M. de Beaulieu fixa sur le chasseur un regard étonné ; bien que depuis plus de six mois il habitât les prairies, il ne pouvait encore comprendre cette espèce de divination dont le chasseur semblait doué à l’égard de faits qui, pour lui, demeuraient lettre morte.

« Mais, dit-il, peut-être ces Indiens dont vous avez relevé les traces sont-ils des chasseurs inoffensifs ? »
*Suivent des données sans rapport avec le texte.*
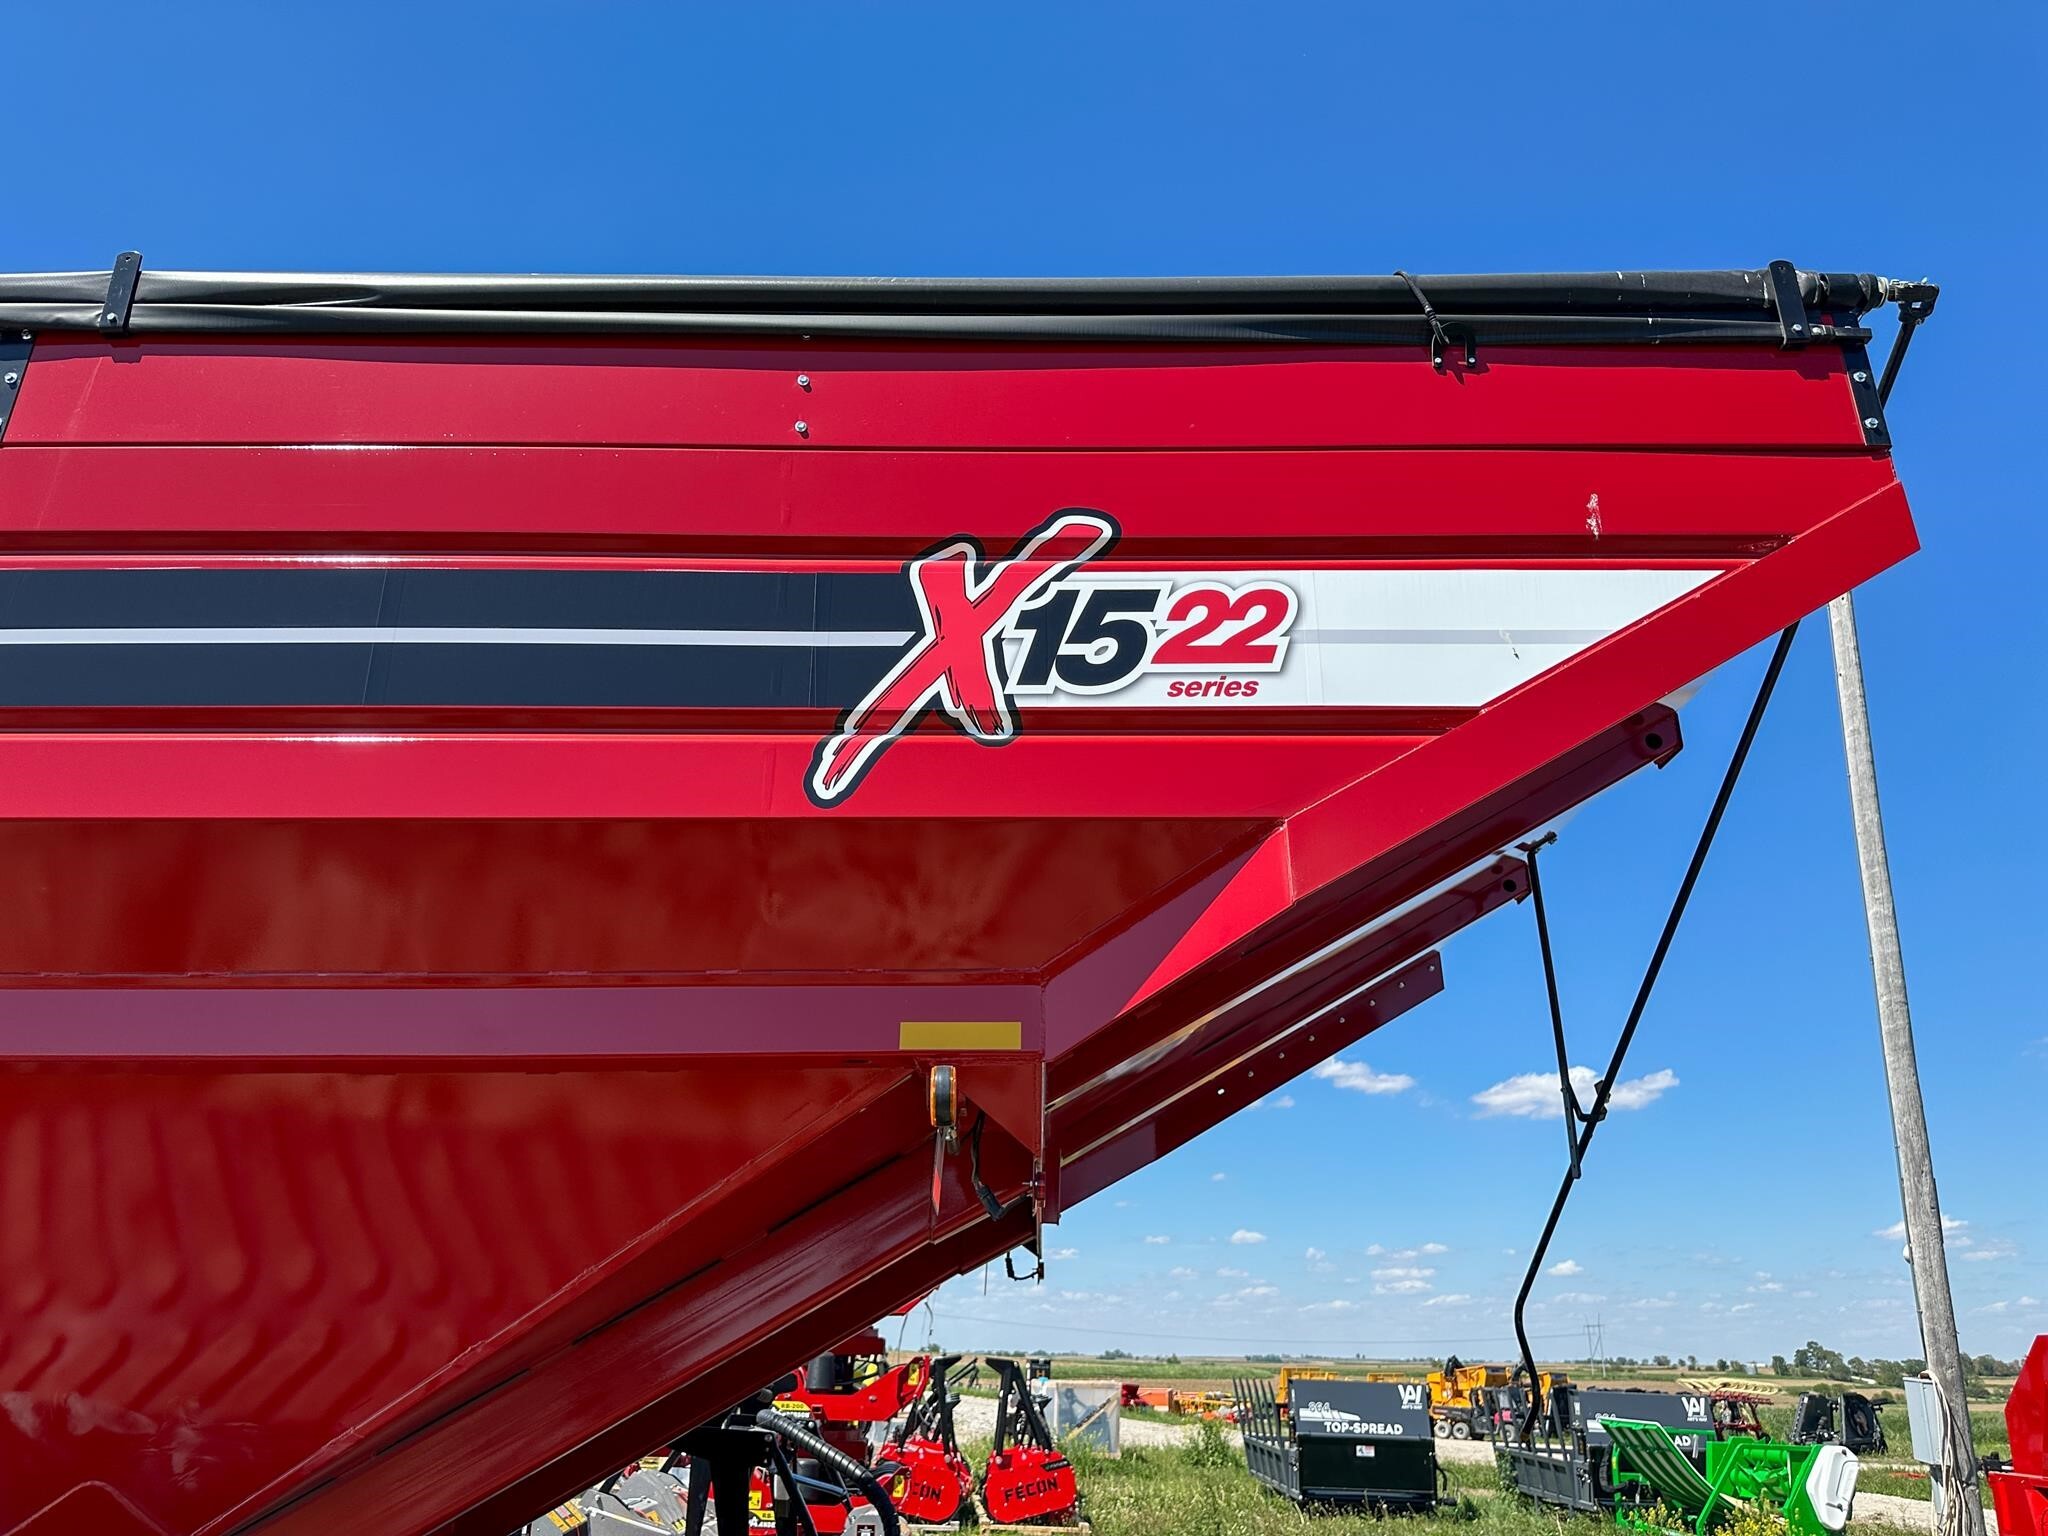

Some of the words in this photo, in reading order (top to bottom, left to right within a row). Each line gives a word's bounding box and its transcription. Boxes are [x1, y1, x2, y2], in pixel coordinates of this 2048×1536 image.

[1167, 676, 1259, 698] series
[1323, 1421, 1404, 1435] TOP-SPREAD
[1004, 1477, 1058, 1503] FECON
Balle-Franche secoua la tête.

« Il n’y a pas de chasseurs inoffensifs parmi les Indiens, dit-il, surtout quand ils se mettent sur la piste des blancs. Ces Indiens appartiennent à trois races pillardes, que je suis étonné de voir réunies, ils méditent sans doute quelque expédition extraordinaire, dont le massacre des émigrants ne sera qu’un des moins intéressants épisodes.

— Quels sont ces Indiens ?… les croyez-vous nombreux ? »

Le chasseur réfléchit un instant.

« Le parti que j’ai découvert n’est probablement que l’avant-garde d’une troupe plus nombreuse, répondit-il ; autant que j’ai pu en juger, ils ne sont tout au plus qu’une quarantaine ; mais les guerriers Peaux-Rouges marchent avec la rapidité de l’antilope, on ne peut jamais les compter complètement ; ce parti se compose de Comanches, de Pieds-Noirs et de Scioux ou Dacotahs, c’est-à-dire les trois tribus les plus guerrières de la prairie.

— Hum ! fit le comte après un instant de réflexion, si ces démons en veulent réellement aux émigrants, ainsi que tout le fait supposer, les pauvres Américains me paraissent dans une fâcheuse position.